Jorge Wagensberg: aforista y contador de historias

Wagensberg

Jorge Wagensberg se burla de sí mismo como lo recomendaba Aristóteles, insiste en que el humor, el error y la paradoja deben hacer parte de las historias sobre ciencia, y en que no hay conocimiento verdadero sin gozo.

Hoy a las 7 de la noche estará en el Planetario de Medellín haciendo despliegue de una de las cosas que más le gusta hacer: condensar largos periodos de pensamiento en pocas palabras.

Según el catalán los aforismos, a diferencia de los refranes, estimulan conversaciones, no las cierran. “El lunes hablaré de textos científicos de una sola frase. El aforismo es el género literario más científico por muchas razones, necesito una hora para explicarlo, pero resumo: un cuento es más científico que una novela, un poema es más científico que un cuento y un aforismo es más científico que un poema”.

Personalmente considero que Medellín es una ciudad en la que encontramos poca oferta y demanda de formación en periodismo científico, comunicación de la ciencia y museología científica, por lo tanto, hacer parte de los proyectos Parque Explora y Planetario, es tal vez uno de los mejores caminos que he encontrado para vivir un  proceso de aprendizaje en estas áreas, y la posibilidad de conocer a este hombre es una de ellas.

Jorge Wagensberg en el Parque Explora. Medellín

Jorge Wagensberg es físico, escritor y museólogo, también fundador del CosmoCaixa de Barcelona. Lo califican como divulgador de la ciencia, sin embargo prefiere definirse como un contador de historias que hace reflexionar sobre ésta.

El fin de semana que recién pasa algunos empleados del Parque Explora tuvimos la posibilidad de asistir a un taller con Wagensberg. A lo largo de esas seis horas se abordaron algunas problemáticas de la museología científica, la comunicación y la divulgación de la ciencia.

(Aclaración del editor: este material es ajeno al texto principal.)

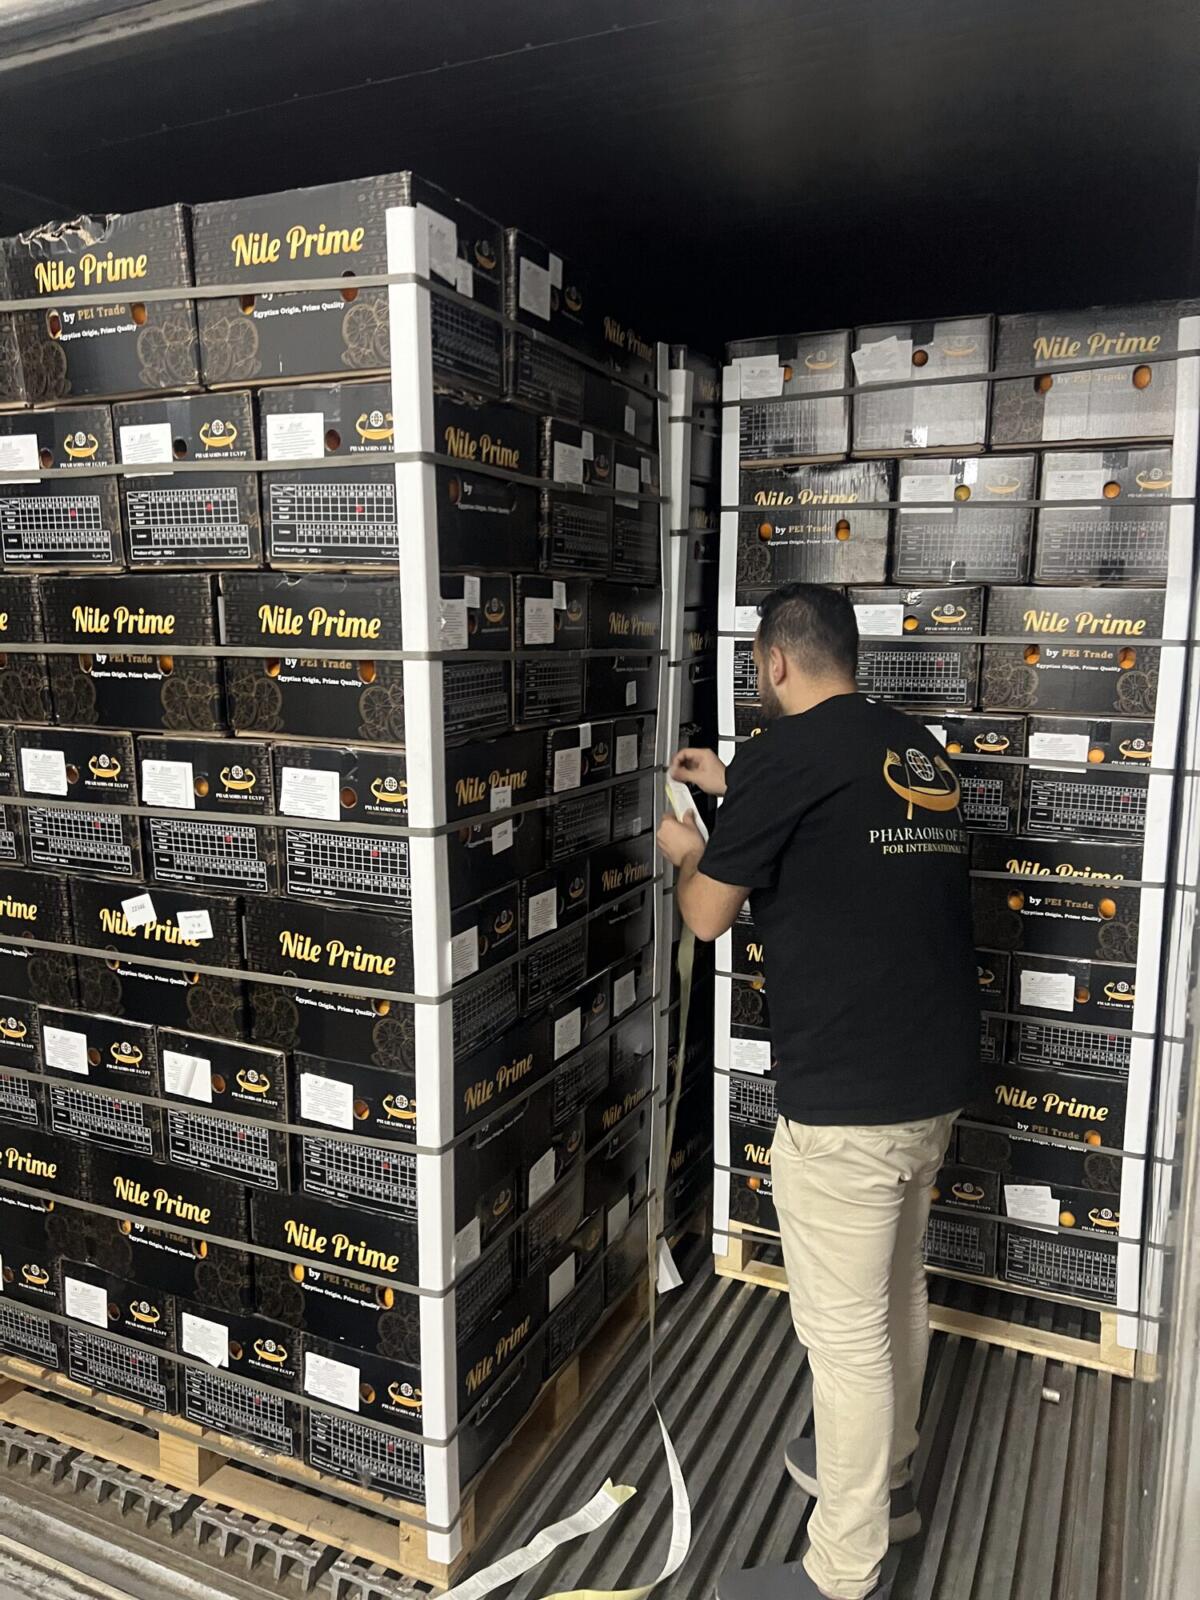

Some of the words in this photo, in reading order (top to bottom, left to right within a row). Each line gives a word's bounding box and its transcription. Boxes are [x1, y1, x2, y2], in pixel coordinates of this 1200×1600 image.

[231, 232, 281, 267] Nile
[286, 223, 365, 260] Prime
[35, 261, 75, 294] Nile
[80, 251, 147, 286] Prime
[63, 312, 75, 324] by
[97, 304, 125, 318] Trade
[1033, 336, 1080, 360] Nile
[1087, 331, 1161, 356] Prime
[445, 426, 477, 460] Nile
[479, 434, 519, 469] Prime
[775, 526, 786, 535] by
[72, 606, 110, 633] Nile
[113, 606, 175, 634] Prime
[258, 604, 303, 635] Nile
[308, 606, 381, 639] Prime
[1023, 609, 1069, 633] Nile
[1075, 611, 1146, 636] Prime
[1046, 648, 1059, 659] by
[1061, 649, 1079, 658] PEI
[1083, 650, 1113, 659] Trade
[456, 777, 486, 807] Nile
[869, 827, 944, 843] PHARAOHS
[883, 844, 904, 854] FOR
[0, 895, 37, 921] rime
[1029, 896, 1042, 906] by
[279, 930, 321, 963] Nile
[326, 940, 396, 975] Prime
[464, 1079, 493, 1115] Nile
[496, 1053, 533, 1093] Prime
[995, 1085, 1037, 1110] Nile
[1042, 1093, 1109, 1121] Prime
[1017, 1121, 1029, 1131] by
[5, 1147, 57, 1179] Prime
[744, 1143, 771, 1166] Nil
[113, 1176, 150, 1207] Nile
[153, 1188, 211, 1225] Prime
[284, 1220, 327, 1254] Nile
[331, 1234, 400, 1273] Prime
[308, 1268, 321, 1280] by
[466, 1356, 493, 1397] Nile
[496, 1315, 530, 1365] Prime

Según el aforista catalán, el buen escritor de ciencia debe tener picardía e intrigar al lector, debe recurrir al suspenso de lo que ocurre en la ciencia y crear adicción a esta forma de conocer más que a otras.

Aunque para Wagensberg la palabra divulgación “viene de una raíz muy fea del francés”, en ocasiones hace uso de ella: “un buen divulgador científico debe estar al tanto de cualquier idea venga o no de la comunidad científica”.

A partir de su insistencia sobre contar historias atractivas para contextualizar teorías o postulados de la ciencia, una de las preguntas que se hicieron en este espacio de conversación fue ¿cómo hacer persistir la ciencia a través de historias que no sean reales sin perder rigor científico?

Wagensberg responde que en las historias de ciencia se puede fantasear, especular y enseñar la belleza de cualquier gramo de naturaleza siempre y cuando dejemos claro lo que se está haciendo; recomienda valorar las contradicciones de la ciencia, buscar su parte inteligible y su parte objetiva. Define la ciencia como una metáfora, y le atribuye tres cualidades: tiende a ser universal, excluye al observador y tiene un componente mínimo de ideología.

Sus reflexiones, humor y profundidad es tal que debo recomendar leer sus artículos y libros como “Yo, lo superfluo y el error”, “El gozo intelectual: teoría y práctica sobre la inteligibilidad y la belleza”, “Si la naturaleza es la respuesta ¿cuál era la pregunta?: y otros quinientos pensamientos sobre la incertidumbre”, “Más árboles que ramas”, en fin…

Concluyo con un afán, muy antioqueño por cierto, de resaltar la opinión de este museólogo sobre Explora: “el Parque Explora es el mejor museo de Latinoamérica, un museo con alma, vivo, inspirado en interactividad, que respeta el objeto real, inquieto, que tiene en cuenta la comunidad científica y quiere fomentar el debate…”.

Para que se antojen de asistir a su conferencia esta noche o a escudriñar sus textos, les dejo algunos de sus aforismos:

Cambiar de respuesta es evolución, cambiar de pregunta es revolución.

Toda respuesta tiene derecho a cambiar de pregunta.

La ciencia y la poesía subliman la ilusión de todo lenguaje: evocar lo máximo con lo mínimo.

Vivir es sobrevivir, supervivir, convivir, sobreconvivir y superconvivir.

Primero fue la pereza, luego, necesariamente el estímulo.

El vicio se parece al veneno: no existen sustancias tóxicas, sólo dosis tóxicas.

Sobrevivir: vivir más tiempo que el vecino.

No se puede vivir sin contradicciones, pero sí con las mínimas posibles.

El buen mediocre no nace ni se hace sino que se decide y se asume.

El gozo intelectual por estímulo equivale a descubrir una ignorancia, un vacío en el saber.

No hay observación que no altere lo observado.

Las nalgas son, probablemente , la solución más elegante capaz de conectar una espalda con un par de piernas.